What is expected — An exact restatement of the entire listing is needed, excluding all images.

Given data —
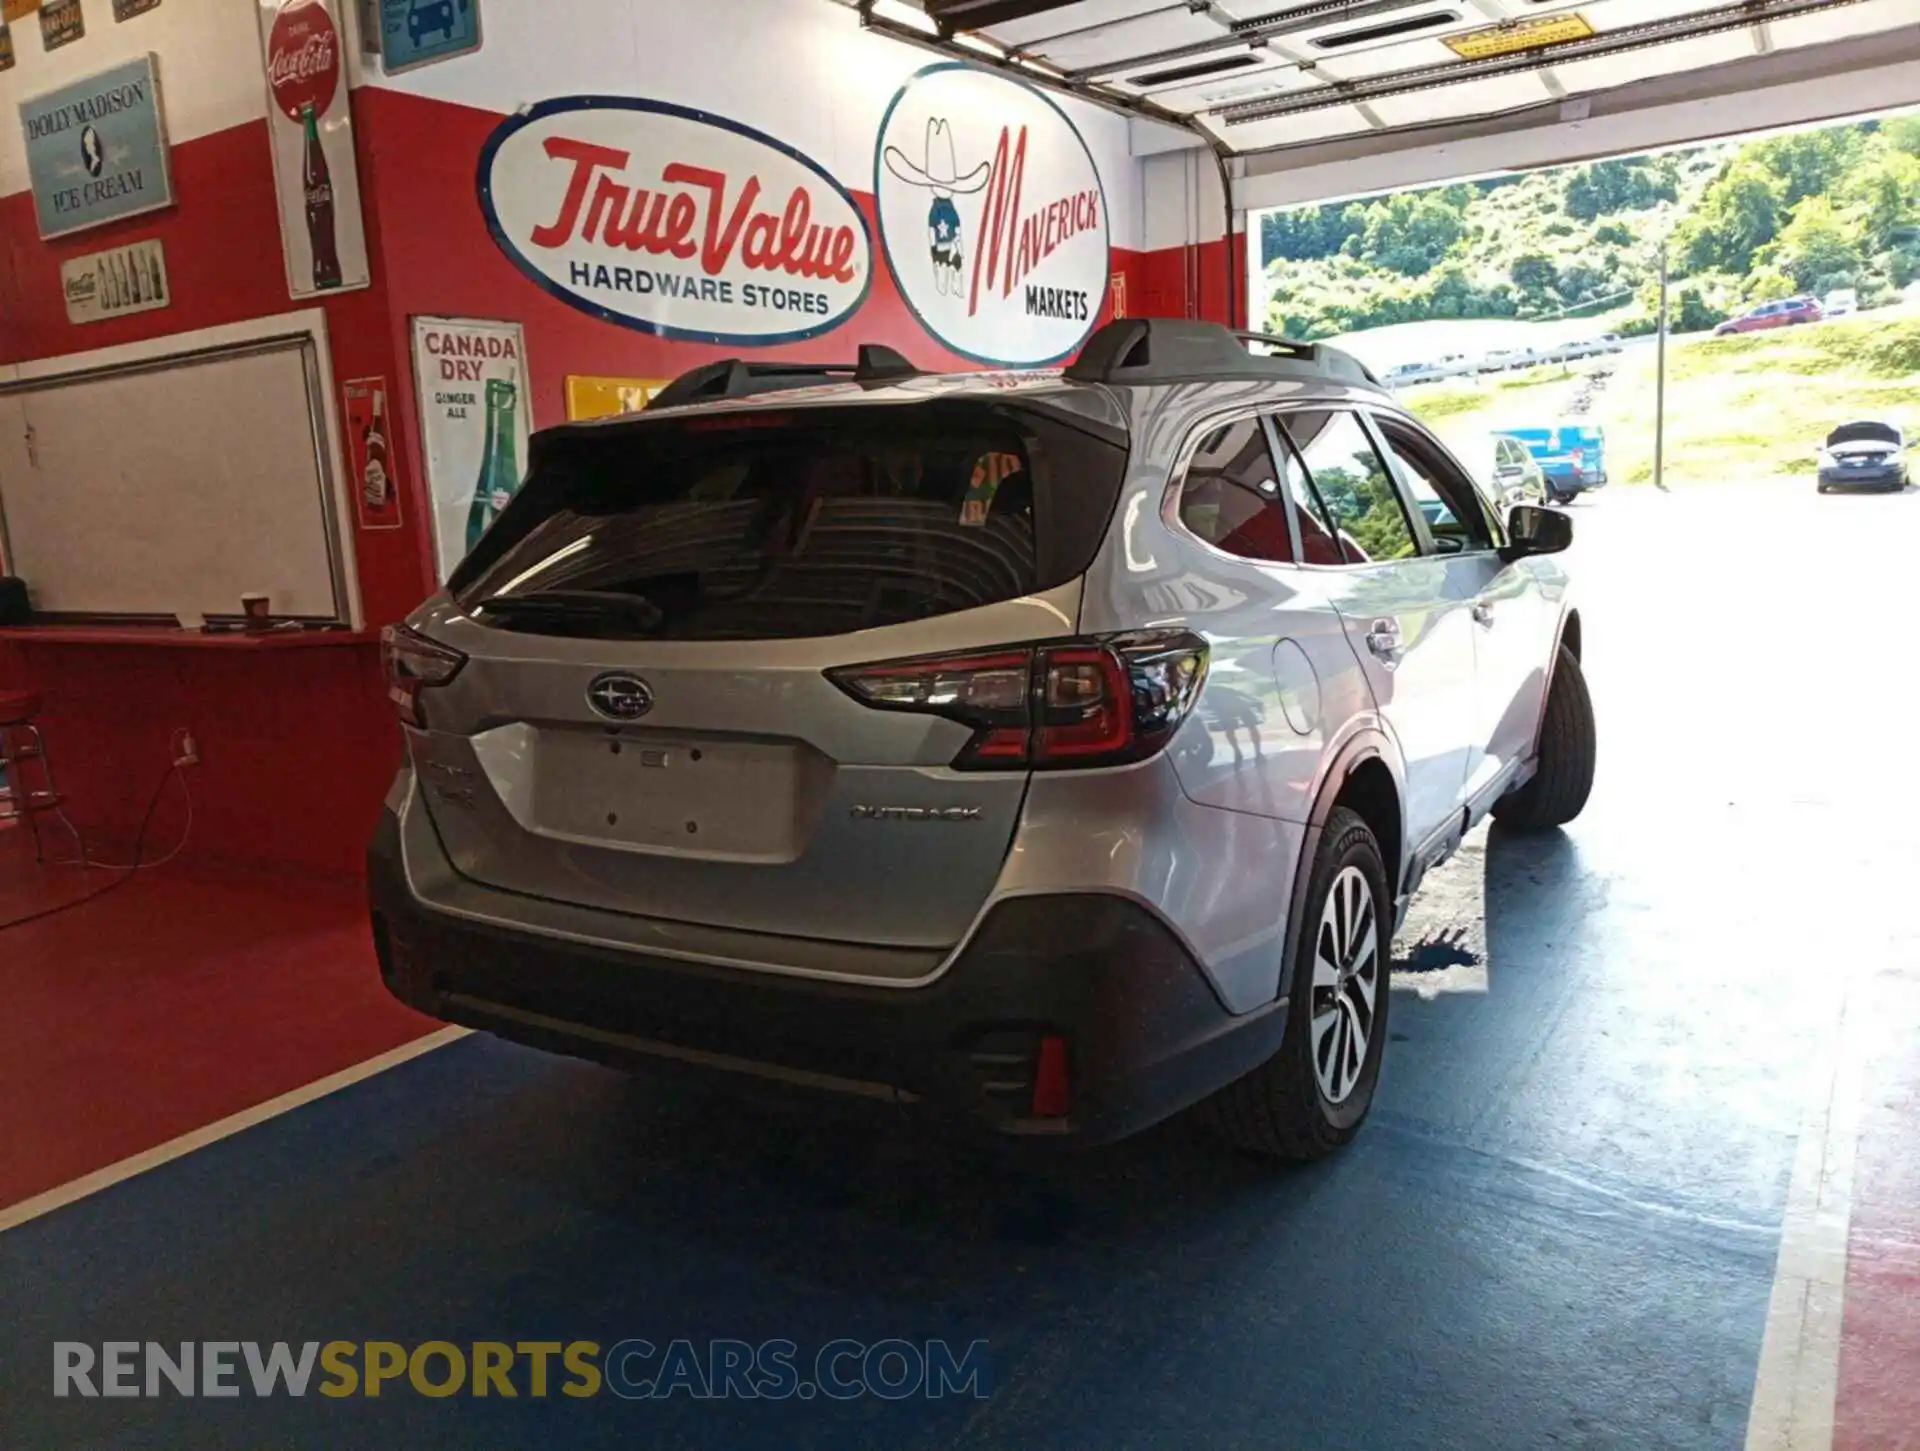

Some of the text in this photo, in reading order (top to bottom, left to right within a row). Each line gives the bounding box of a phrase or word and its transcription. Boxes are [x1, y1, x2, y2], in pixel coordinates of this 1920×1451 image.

[28, 80, 145, 141] DOLLY MADISON
[53, 168, 145, 213] ICE CREAM
[968, 124, 1099, 318] MAVERICK
[569, 260, 830, 316] HARDWARE STORES
[1025, 283, 1089, 322] MARKETS
[425, 332, 517, 359] CANADA
[440, 359, 484, 382] DRY
[435, 392, 476, 405] GINGER
[446, 407, 467, 419] ALE
[850, 803, 983, 821] OUTBACK

Exercise answer —
Some of the text in this photo, in reading order (top to bottom, left to right within a row). Each line gives the bounding box of a phrase or word and its transcription. Boxes are [x1, y1, x2, y2], in pixel coordinates of this 1920×1451 image.

[28, 80, 145, 141] DOLLY MADISON
[53, 168, 145, 213] ICE CREAM
[968, 124, 1099, 318] MAVERICK
[569, 260, 830, 316] HARDWARE STORES
[1025, 283, 1089, 322] MARKETS
[425, 332, 517, 359] CANADA
[440, 359, 484, 382] DRY
[435, 392, 476, 405] GINGER
[446, 407, 467, 419] ALE
[850, 803, 983, 821] OUTBACK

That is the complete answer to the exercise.